### Prompt
Below are records that contain pictures; transcribe the text exactly and omit the pictures.
** Opening Supplied information block **
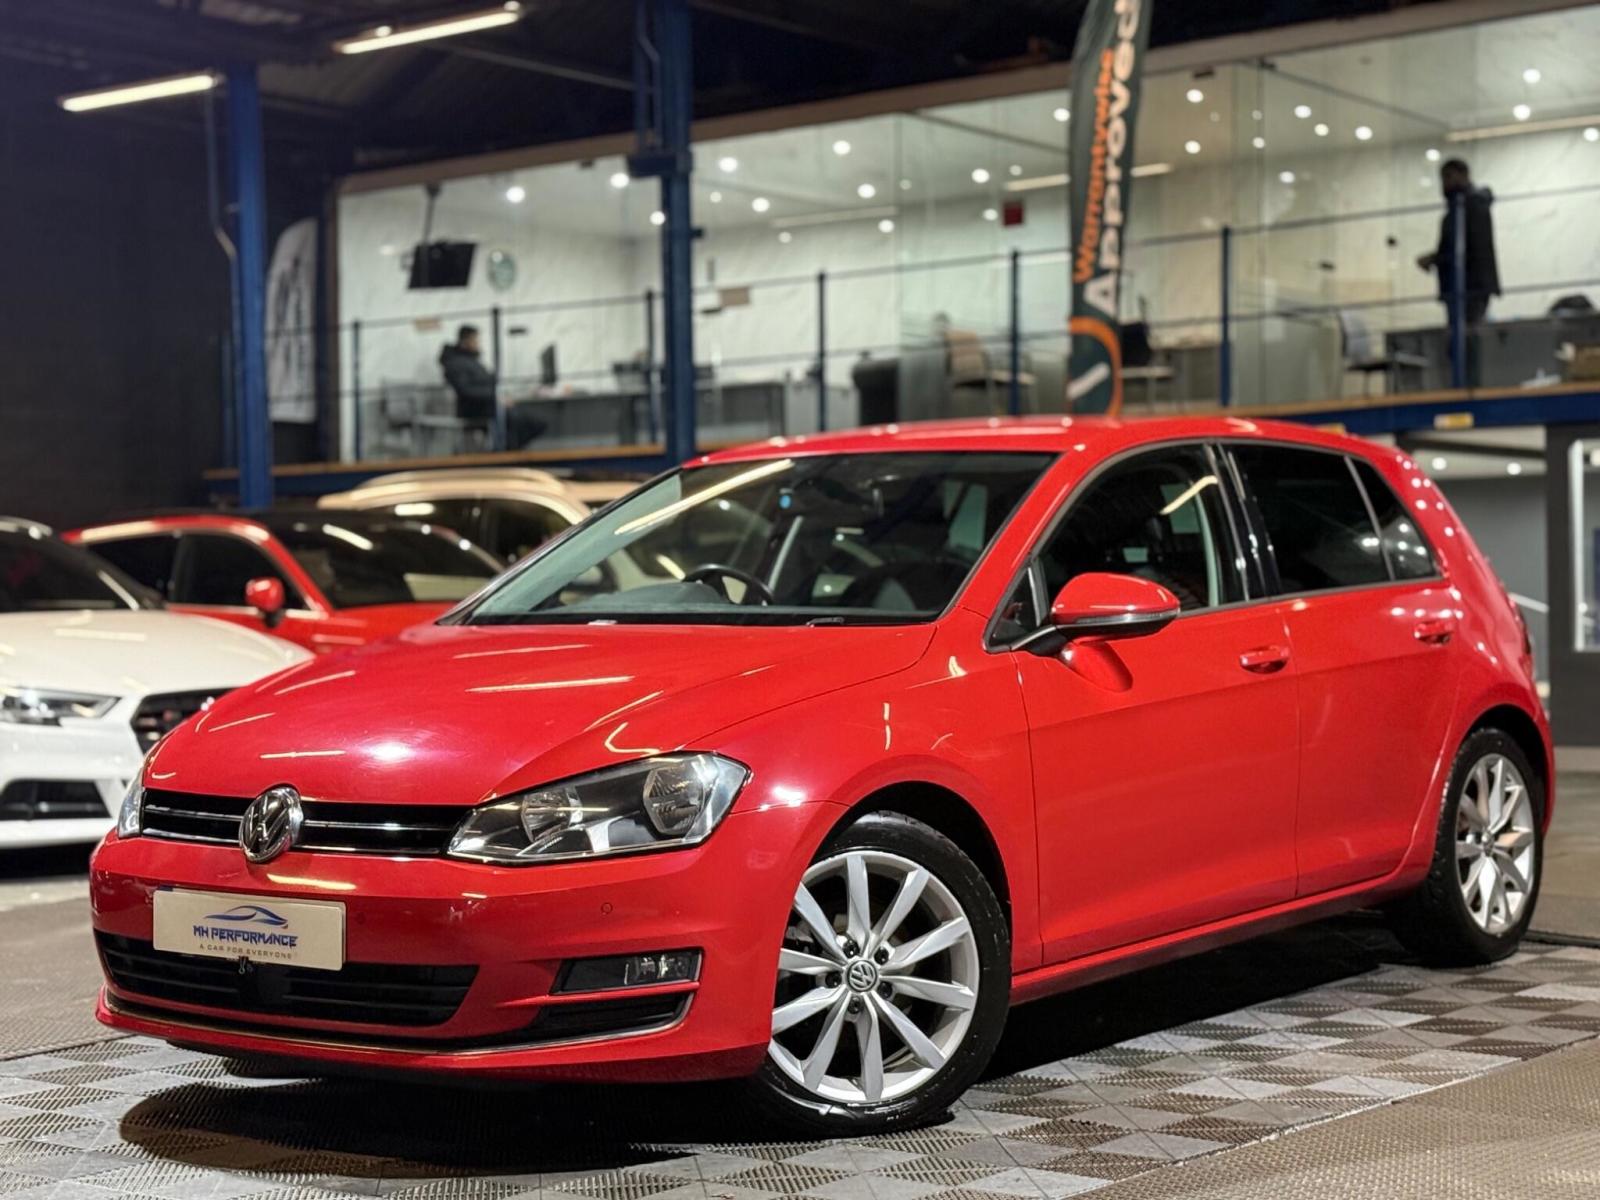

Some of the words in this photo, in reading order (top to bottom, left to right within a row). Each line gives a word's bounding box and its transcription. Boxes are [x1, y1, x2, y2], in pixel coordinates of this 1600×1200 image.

[1083, 0, 1140, 318] Approved
[211, 928, 298, 948] PERFORMANCE
[227, 946, 243, 954] FOR
[246, 949, 292, 959] EVERYONE
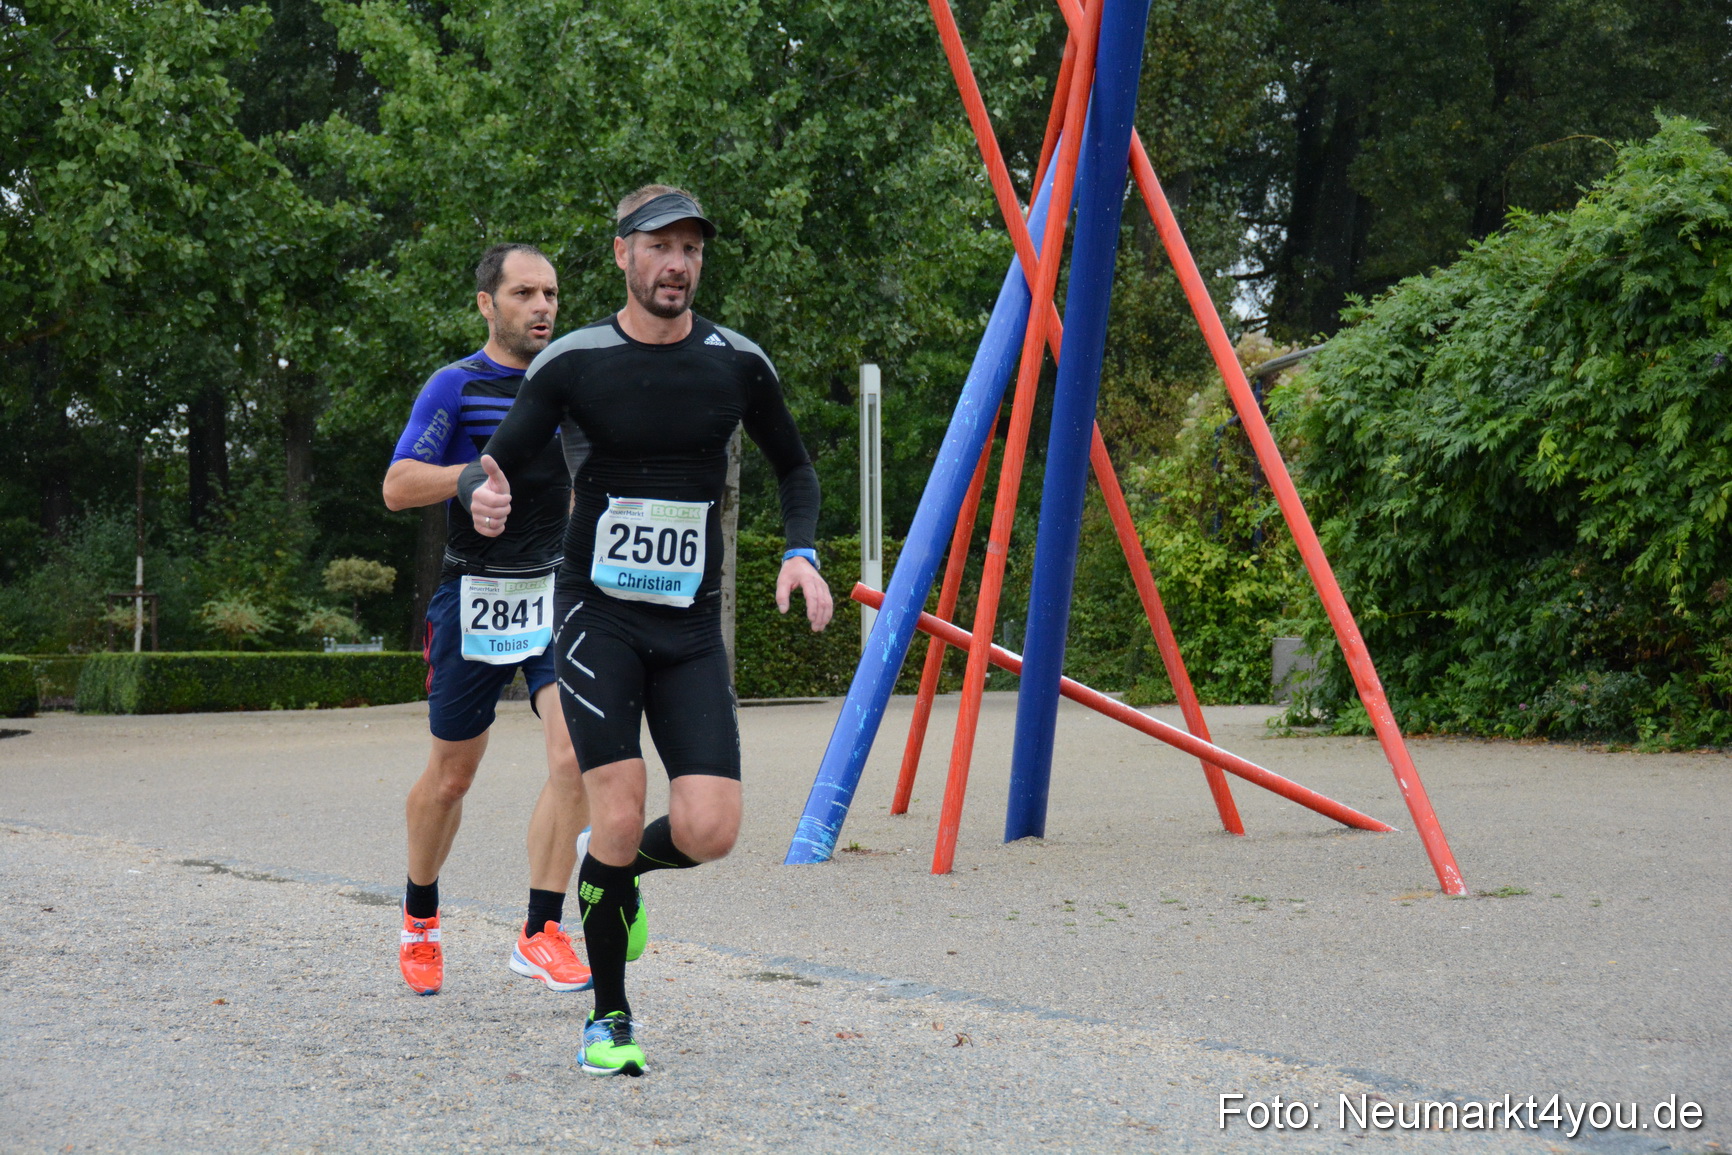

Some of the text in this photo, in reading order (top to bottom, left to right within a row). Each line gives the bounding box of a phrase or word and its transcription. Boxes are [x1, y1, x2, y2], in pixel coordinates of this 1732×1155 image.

[651, 504, 701, 520] BOCK
[607, 523, 698, 567] 2506
[505, 578, 548, 593] BOCK
[617, 572, 681, 592] Christian
[471, 596, 544, 631] 2841
[489, 639, 529, 653] Tobias
** Closing Supplied information block **
### Exercise solution
Some of the words in this photo, in reading order (top to bottom, left to right within a row). Each line gives a word's bounding box and its transcription. Boxes are [x1, y1, x2, y2], in pixel coordinates of this 1600×1200 image.

[1083, 0, 1140, 318] Approved
[211, 928, 298, 948] PERFORMANCE
[227, 946, 243, 954] FOR
[246, 949, 292, 959] EVERYONE

Some of the text in this photo, in reading order (top to bottom, left to right within a row). Each line gives the bounding box of a phrase or word and its transcription. Boxes are [x1, y1, x2, y2], in pixel coordinates of this 1732×1155 image.

[651, 504, 701, 520] BOCK
[607, 523, 698, 567] 2506
[505, 578, 548, 593] BOCK
[617, 572, 681, 592] Christian
[471, 596, 544, 631] 2841
[489, 639, 529, 653] Tobias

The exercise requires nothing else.